Security Model Overview

Wayland Core’s security posture is built around a fail-closed philosophy: every enforcement layer defaults to the most restrictive behavior. Operators must explicitly opt out of protections; there is no mechanism for a plugin or late code path to quietly weaken the session’s isolation.

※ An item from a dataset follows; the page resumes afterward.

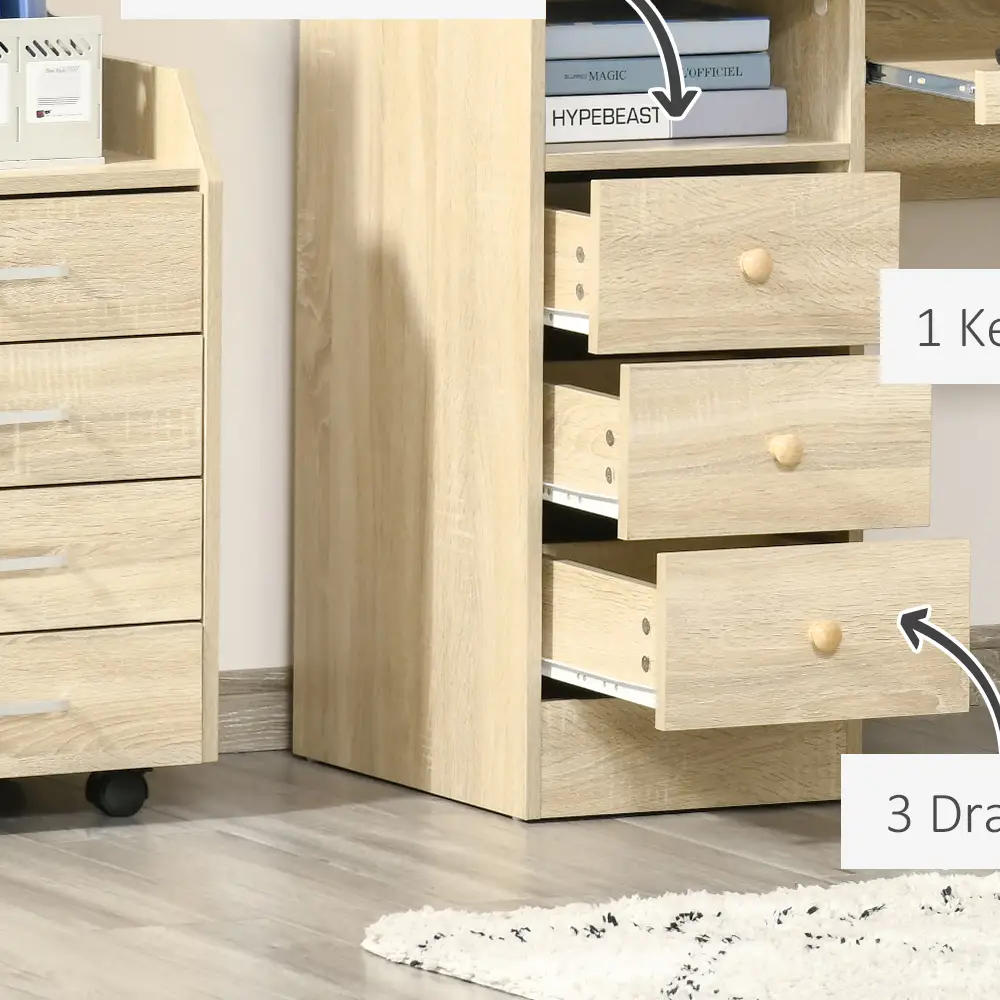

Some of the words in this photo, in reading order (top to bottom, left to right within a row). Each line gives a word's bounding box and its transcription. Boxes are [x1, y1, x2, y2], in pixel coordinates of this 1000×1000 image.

[588, 70, 627, 81] MAGIC
[683, 66, 743, 79] 'OFFICIEL
[552, 106, 660, 127] HYPEBEAST

The enforcing layers that are active today are:

OS-native sandbox: every model-driven shell command runs inside a platform-native process isolation backend
Egress gate: every outbound HTTP call passes a single gating point, on by default
Approval modes and plan mode: destructive tools require explicit human consent before execution
Budget caps: session-level and per-user token/cost limits that hard-block at the limit

A fifth layer - the explicit-grant ACL (wcore-permissions) - exists in the codebase with full tests but is not yet wired into production call sites. See Permission Model for its design and current status.

OS-native sandbox

Every shell command dispatched by the agent runs inside an OS-native sandbox selected by default_for_platform() in crates/wcore-sandbox/src/lib.rs. The selection order is:

WAYLAND_SANDBOX=docker - Docker container (cross-platform opt-in)
Linux: Bubblewrap (bwrap); Bubblewrap + Landlock LSM; Bubblewrap + libseccomp strict filter
macOS: sandbox-exec (Seatbelt profile)
Windows: AppContainer + Job Objects

If the selected backend is unavailable and the operator has not set WAYLAND_ALLOW_NO_SANDBOX=1, the engine selects FailClosedBackend. Every execute() call on that backend returns an error:

sandbox UNAVAILABLE and unsandboxed execution is not permitted -
set WAYLAND_ALLOW_NO_SANDBOX=1 to allow unsandboxed execution.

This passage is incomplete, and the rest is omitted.